For this article I asked a few of my friends to share unique ways they encourage their mates. Here's what I learned:
1. Look for the good in your spouse—and you'll find it.
Love each other with genuine affection, and take delight in honoring each other (Romans 12:10).
Lynn "sings" notes of encouragement to her husband, Michael. "It all started one day at church," she said. "As a professional soloist, I was mortified when my sustained high C-sharp collided with the organist's C-natural during a worship service. I had sung the wrong note."
After the service a woman lavished Lynn with praise but Lynn had a difficult time accepting the encouragement because of her mistake. "But Lynn, how many right notes did you sing?" the woman asked.
Lynn did a double-take. "My spirit of perfectionism had masked my ingratitude for the gift God had given me." And sadly, Lynn admitted, "My negativism had often flowed freely to those I love, especially my husband, Michael. In the past I've been quick to point out his mistakes and imperfections. If he bought me a gift, rather than thank him, I told him I wanted a different one. If he fixed an appliance, rather than thank him, I wondered why he hadn't painted the house! And on and on it went, one discouraging comment after another."

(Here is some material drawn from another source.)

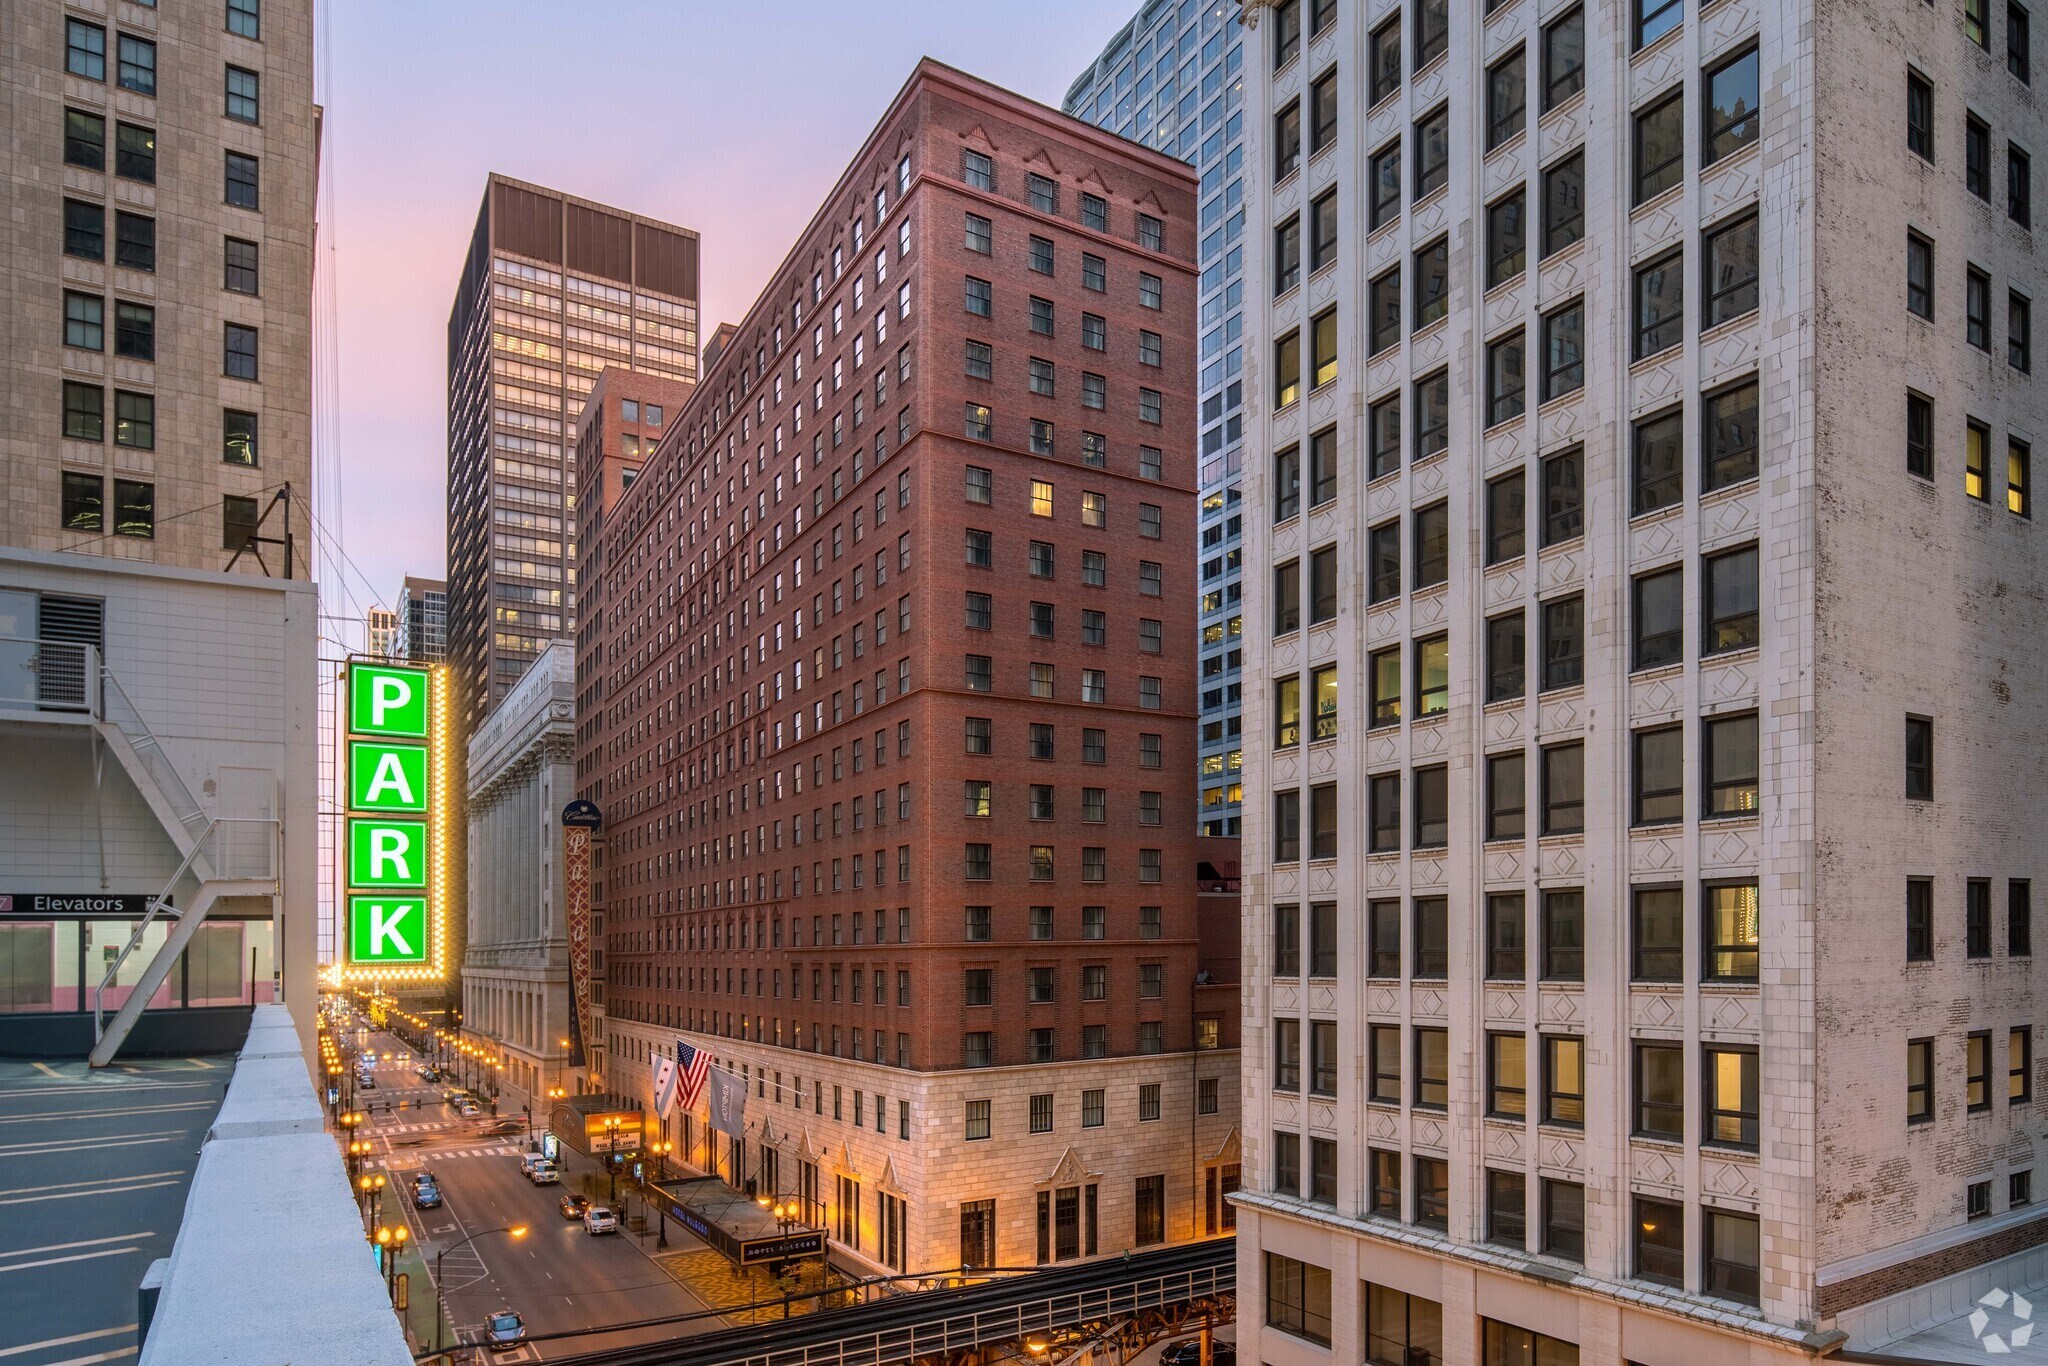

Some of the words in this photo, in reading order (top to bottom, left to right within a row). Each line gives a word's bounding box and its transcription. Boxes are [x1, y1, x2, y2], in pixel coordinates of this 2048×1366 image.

But after Lynn's singing fiasco she determined to start singing Michael's right notes instead of focusing on his minor wrong ones. "I had missed whole oratorios of his correct notes, because my ears were only tuned toward criticism."
Next Lynn started "singing notes of thanks for Michael's time, his gifts, his help, and just for being the wonderful, generous person he is." She even sang his praises in public in front of him! Lynn also wrote notes of gratitude and sent them to her husband's office. "Singing notes of encouragement has changed my life and Michael's," she added. "Our relationship is closer than ever."
2. Give up comparing.
Keep your tongue from speaking evil and your lips from telling lies (Psalm 34:13).
Sherry and her husband, Doug, are remodeling their family home. "Most people would shudder at the thought, and for good reason," said Sherry. "Marriages have been known to crumble during the stress of so many decisions and expenses. My husband and I have been down this road before, so this time we've been able to communicate more effectively—maybe because he's letting me decide most of the design elements?" Sherry chuckled.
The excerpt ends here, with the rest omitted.